Collected data
=-=-=-=-=

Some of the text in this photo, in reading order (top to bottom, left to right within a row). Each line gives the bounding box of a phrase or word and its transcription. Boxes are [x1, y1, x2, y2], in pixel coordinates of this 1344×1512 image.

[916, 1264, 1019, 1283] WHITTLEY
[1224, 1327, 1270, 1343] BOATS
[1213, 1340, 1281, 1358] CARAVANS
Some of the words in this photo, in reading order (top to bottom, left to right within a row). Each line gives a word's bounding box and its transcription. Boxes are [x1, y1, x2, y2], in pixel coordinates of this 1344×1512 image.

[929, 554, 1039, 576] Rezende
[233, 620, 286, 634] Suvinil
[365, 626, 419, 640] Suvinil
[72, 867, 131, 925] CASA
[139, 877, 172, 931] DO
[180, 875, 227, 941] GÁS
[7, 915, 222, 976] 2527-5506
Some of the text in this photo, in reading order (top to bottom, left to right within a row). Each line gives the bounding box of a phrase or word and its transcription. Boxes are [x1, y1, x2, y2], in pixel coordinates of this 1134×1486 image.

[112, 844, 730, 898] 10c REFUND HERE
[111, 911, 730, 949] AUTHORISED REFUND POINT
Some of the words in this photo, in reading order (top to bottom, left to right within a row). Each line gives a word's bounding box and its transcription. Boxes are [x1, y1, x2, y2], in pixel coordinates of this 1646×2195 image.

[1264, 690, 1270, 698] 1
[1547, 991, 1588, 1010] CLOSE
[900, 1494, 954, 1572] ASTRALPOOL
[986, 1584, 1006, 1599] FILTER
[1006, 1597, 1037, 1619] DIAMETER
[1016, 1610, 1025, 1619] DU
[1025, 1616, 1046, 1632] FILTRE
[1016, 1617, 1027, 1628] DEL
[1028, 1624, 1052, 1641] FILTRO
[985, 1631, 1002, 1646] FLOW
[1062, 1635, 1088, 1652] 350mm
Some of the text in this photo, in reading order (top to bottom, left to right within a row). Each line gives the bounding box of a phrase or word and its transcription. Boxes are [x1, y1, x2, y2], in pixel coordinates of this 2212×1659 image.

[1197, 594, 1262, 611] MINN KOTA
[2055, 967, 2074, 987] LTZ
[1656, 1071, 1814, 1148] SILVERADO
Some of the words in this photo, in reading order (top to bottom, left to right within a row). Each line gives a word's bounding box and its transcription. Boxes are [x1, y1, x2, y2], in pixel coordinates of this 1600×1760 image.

=-=-=-=-=

-- The task --
Each of the entries must be set down exactly, none omitted.

-- Answer section --
Some of the text in this photo, in reading order (top to bottom, left to right within a row). Each line gives the bounding box of a phrase or word and its transcription. Boxes are [x1, y1, x2, y2], in pixel coordinates of this 1344×1512 image.

[916, 1264, 1019, 1283] WHITTLEY
[1224, 1327, 1270, 1343] BOATS
[1213, 1340, 1281, 1358] CARAVANS
Some of the words in this photo, in reading order (top to bottom, left to right within a row). Each line gives a word's bounding box and its transcription. Boxes are [x1, y1, x2, y2], in pixel coordinates of this 1344×1512 image.

[929, 554, 1039, 576] Rezende
[233, 620, 286, 634] Suvinil
[365, 626, 419, 640] Suvinil
[72, 867, 131, 925] CASA
[139, 877, 172, 931] DO
[180, 875, 227, 941] GÁS
[7, 915, 222, 976] 2527-5506
Some of the text in this photo, in reading order (top to bottom, left to right within a row). Each line gives the bounding box of a phrase or word and its transcription. Boxes are [x1, y1, x2, y2], in pixel coordinates of this 1134×1486 image.

[112, 844, 730, 898] 10c REFUND HERE
[111, 911, 730, 949] AUTHORISED REFUND POINT
Some of the words in this photo, in reading order (top to bottom, left to right within a row). Each line gives a word's bounding box and its transcription. Boxes are [x1, y1, x2, y2], in pixel coordinates of this 1646×2195 image.

[1264, 690, 1270, 698] 1
[1547, 991, 1588, 1010] CLOSE
[900, 1494, 954, 1572] ASTRALPOOL
[986, 1584, 1006, 1599] FILTER
[1006, 1597, 1037, 1619] DIAMETER
[1016, 1610, 1025, 1619] DU
[1025, 1616, 1046, 1632] FILTRE
[1016, 1617, 1027, 1628] DEL
[1028, 1624, 1052, 1641] FILTRO
[985, 1631, 1002, 1646] FLOW
[1062, 1635, 1088, 1652] 350mm
Some of the text in this photo, in reading order (top to bottom, left to right within a row). Each line gives the bounding box of a phrase or word and its transcription. Boxes are [x1, y1, x2, y2], in pixel coordinates of this 2212×1659 image.

[1197, 594, 1262, 611] MINN KOTA
[2055, 967, 2074, 987] LTZ
[1656, 1071, 1814, 1148] SILVERADO
Some of the words in this photo, in reading order (top to bottom, left to right within a row). Each line gives a word's bounding box and its transcription. Boxes are [x1, y1, x2, y2], in pixel coordinates of this 1600×1760 image.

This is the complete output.